◆ **Action item**: Print the data exactly as written, line for line, and leave its pictures behind.

(Extracted entries)

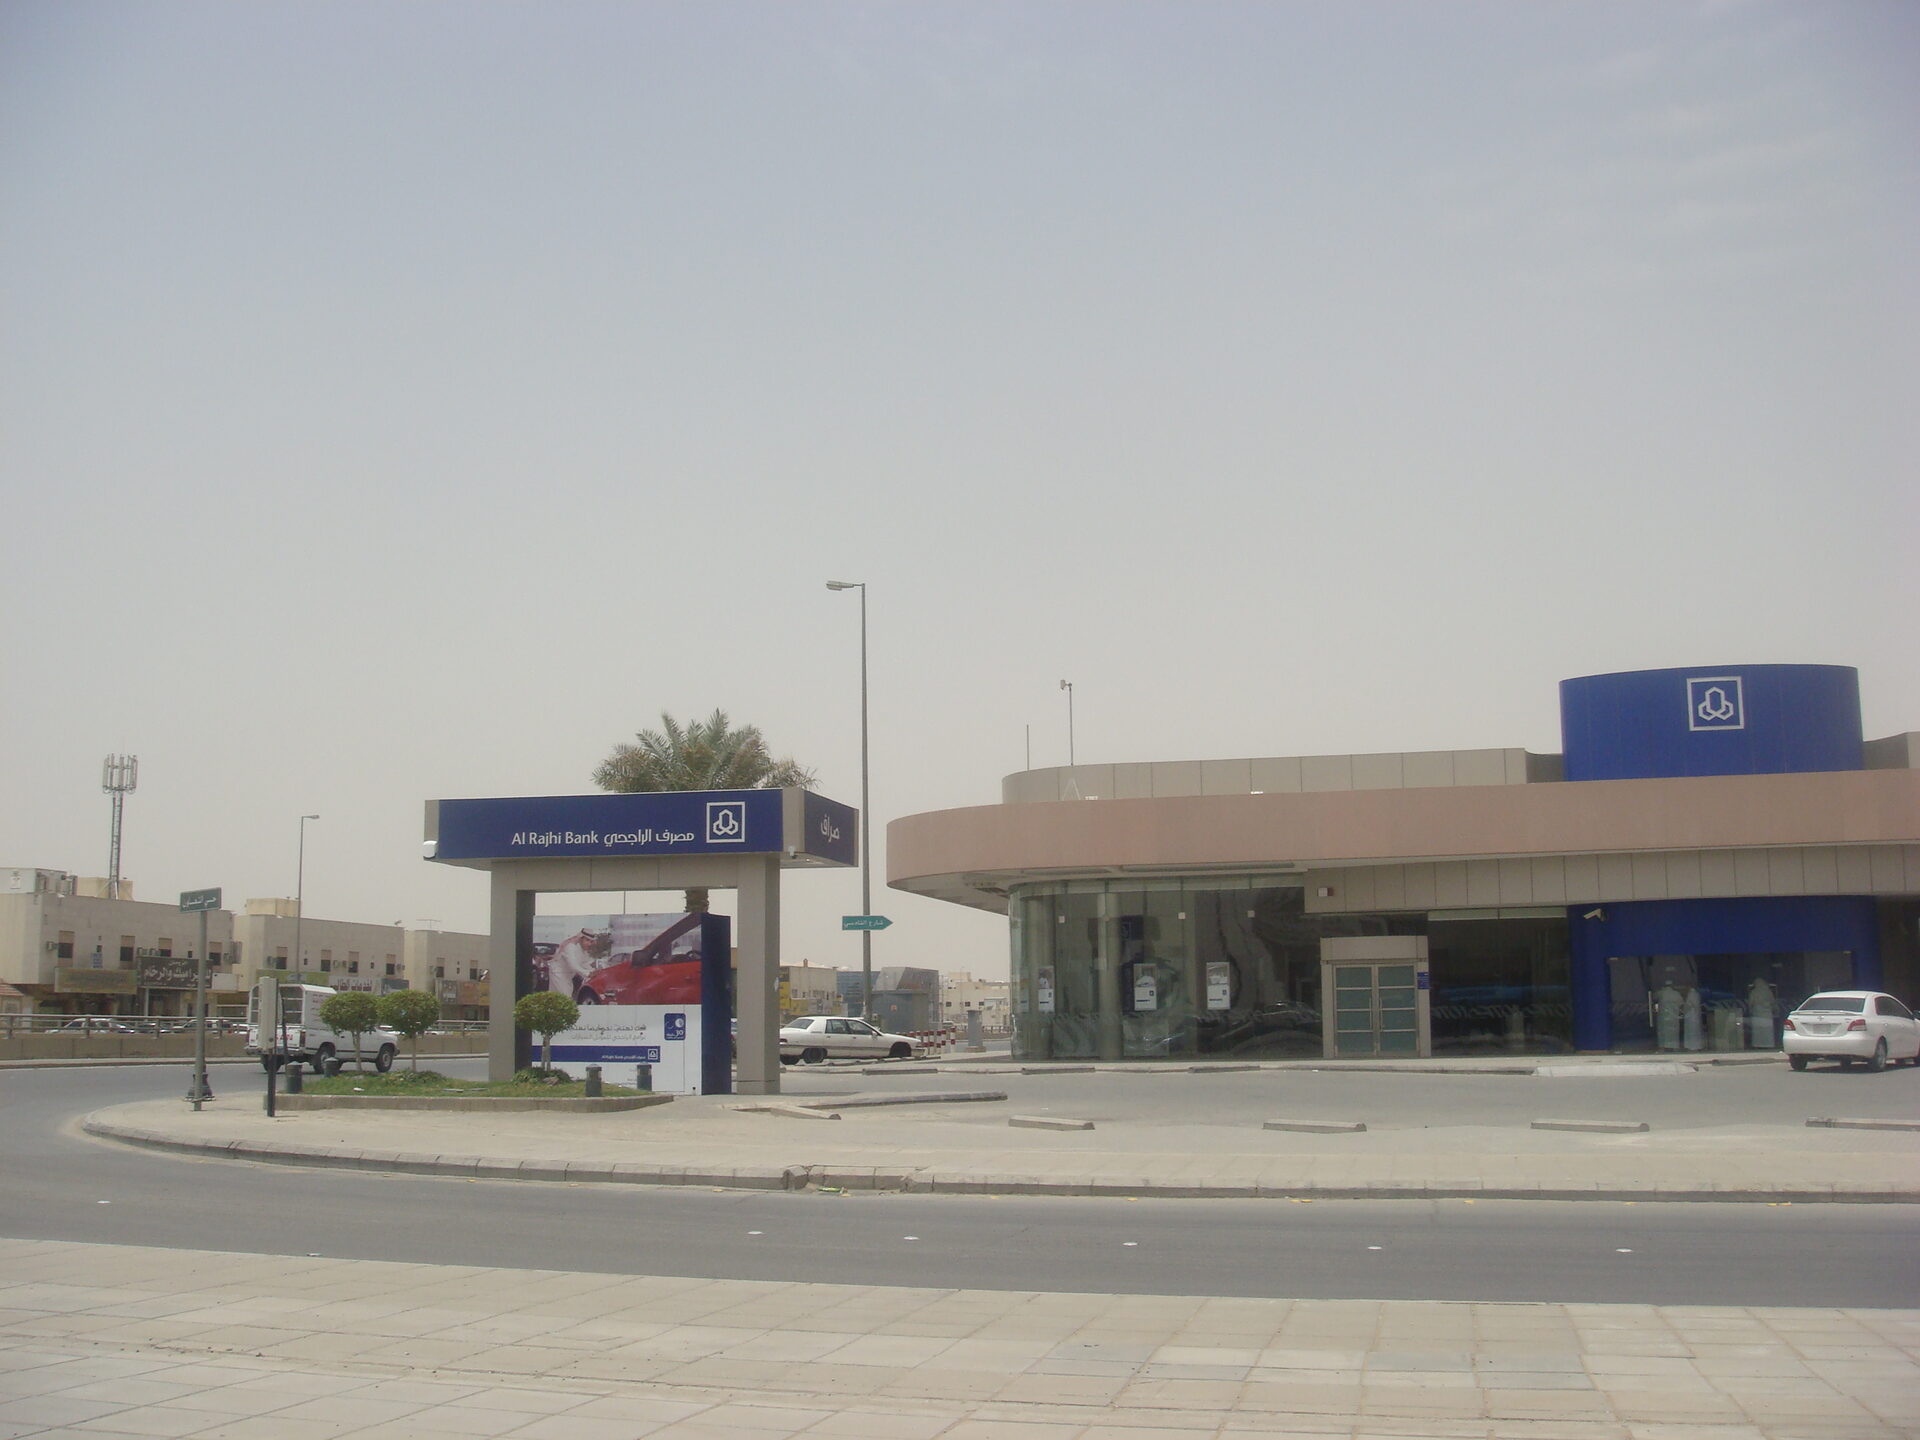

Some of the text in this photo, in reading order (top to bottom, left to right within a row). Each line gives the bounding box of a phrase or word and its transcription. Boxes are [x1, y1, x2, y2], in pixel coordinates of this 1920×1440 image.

[820, 813, 840, 843] صراف
[511, 830, 599, 848] Al Rajhi Bank
[603, 829, 695, 847] مصرف الراجحي
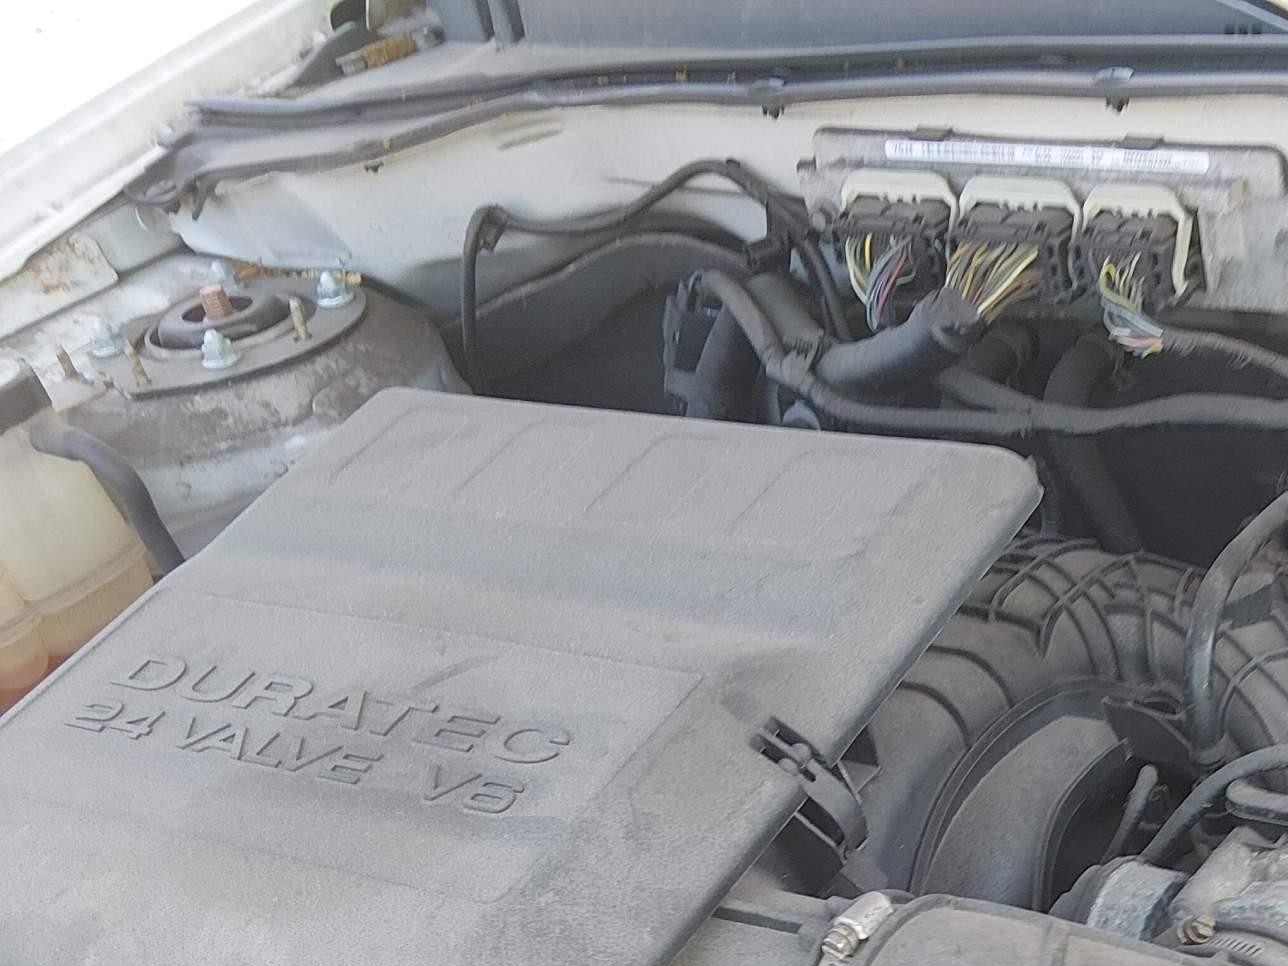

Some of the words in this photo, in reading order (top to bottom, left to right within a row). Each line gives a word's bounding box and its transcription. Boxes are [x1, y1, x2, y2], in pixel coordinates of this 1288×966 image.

[64, 701, 166, 741] 24
[176, 715, 385, 786] VALVE
[111, 659, 571, 764] DURATEC
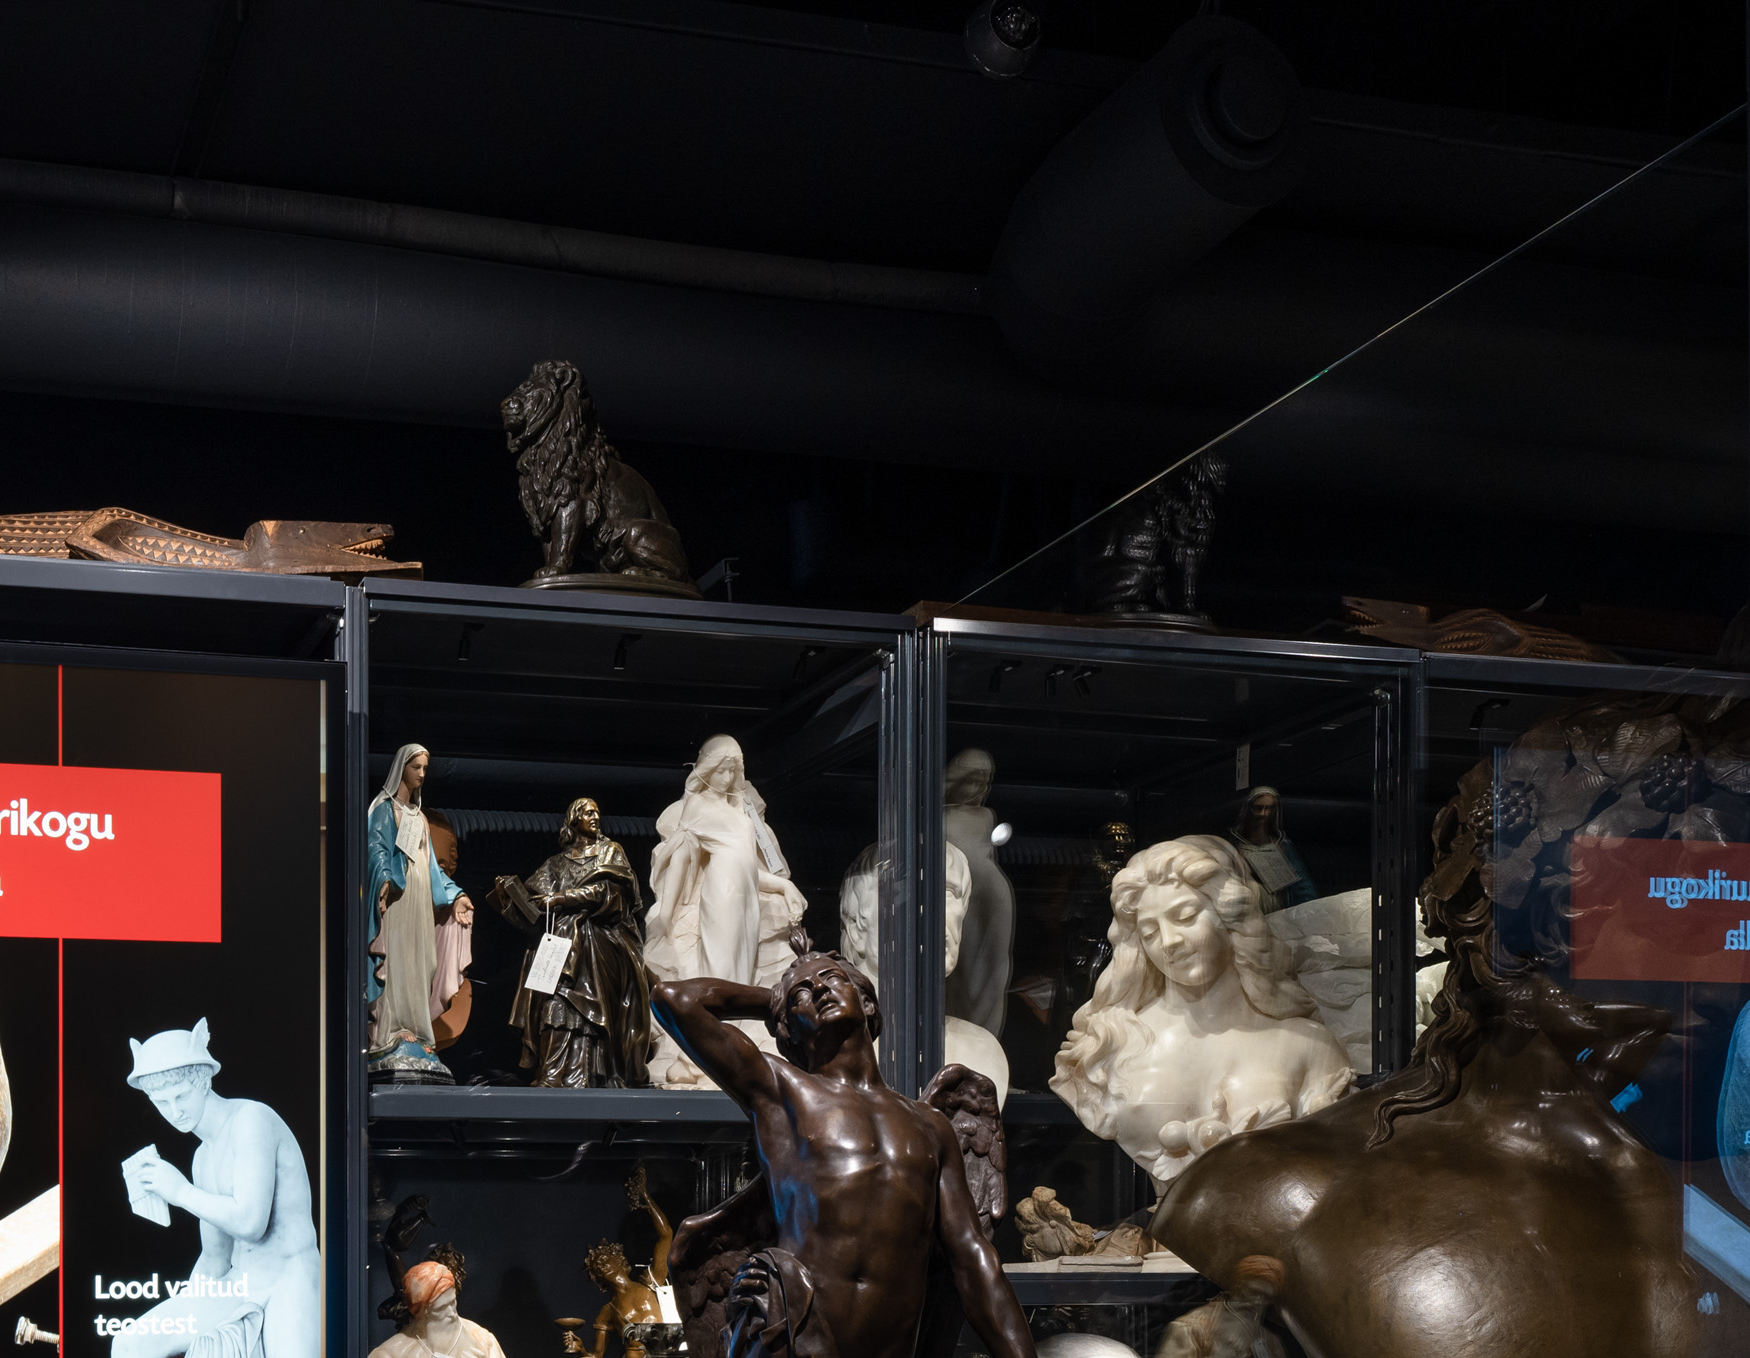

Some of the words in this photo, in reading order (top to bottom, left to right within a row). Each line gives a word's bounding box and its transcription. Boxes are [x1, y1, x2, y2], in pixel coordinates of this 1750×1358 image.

[94, 1273, 160, 1300] Lood
[164, 1272, 249, 1298] valitud
[93, 1313, 198, 1336] teostest

(End Extracted entries)

◆ **Solution to the exercise**:
Some of the text in this photo, in reading order (top to bottom, left to right within a row). Each line gives the bounding box of a phrase or word and its transcription. Boxes are [x1, y1, x2, y2], in pixel coordinates of this 1920×1440 image.

[820, 813, 840, 843] صراف
[511, 830, 599, 848] Al Rajhi Bank
[603, 829, 695, 847] مصرف الراجحي

Some of the words in this photo, in reading order (top to bottom, left to right within a row). Each line gives a word's bounding box and its transcription. Boxes are [x1, y1, x2, y2], in pixel coordinates of this 1288×966 image.

[64, 701, 166, 741] 24
[176, 715, 385, 786] VALVE
[111, 659, 571, 764] DURATEC

Some of the words in this photo, in reading order (top to bottom, left to right within a row). Each line gives a word's bounding box and its transcription. Boxes are [x1, y1, x2, y2], in pixel coordinates of this 1750×1358 image.

[94, 1273, 160, 1300] Lood
[164, 1272, 249, 1298] valitud
[93, 1313, 198, 1336] teostest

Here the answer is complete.